* **Data under study**:

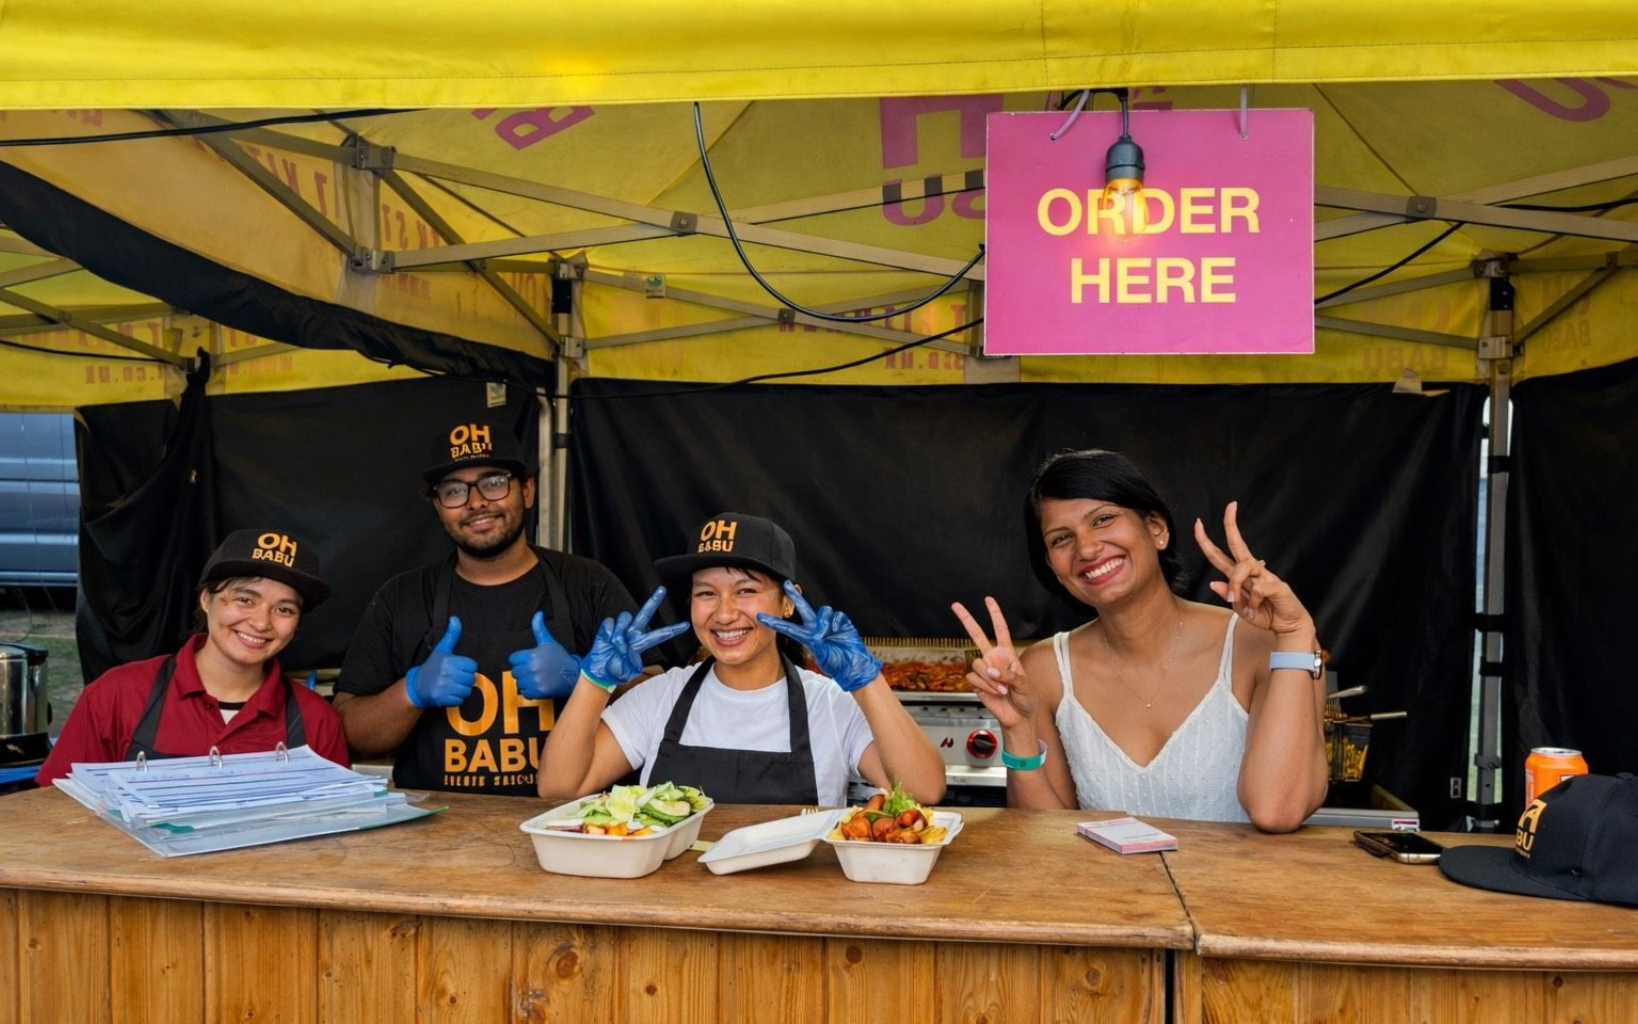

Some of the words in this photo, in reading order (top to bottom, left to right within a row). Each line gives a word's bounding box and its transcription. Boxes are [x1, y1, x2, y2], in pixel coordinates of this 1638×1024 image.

[1037, 187, 1261, 236] ORDER
[1071, 256, 1237, 304] HERE
[450, 424, 490, 446] OH
[700, 520, 738, 542] OH
[252, 548, 295, 568] BABU
[257, 532, 298, 558] OH
[445, 670, 555, 737] OH

* **Assigned task**:
Write out all of the data above exactly, pictures excluded.

* **Answer to the exercise**:
Some of the words in this photo, in reading order (top to bottom, left to right within a row). Each line gives a word's bounding box and its transcription. Boxes are [x1, y1, x2, y2], in pixel coordinates of this 1638×1024 image.

[1037, 187, 1261, 236] ORDER
[1071, 256, 1237, 304] HERE
[450, 424, 490, 446] OH
[700, 520, 738, 542] OH
[252, 548, 295, 568] BABU
[257, 532, 298, 558] OH
[445, 670, 555, 737] OH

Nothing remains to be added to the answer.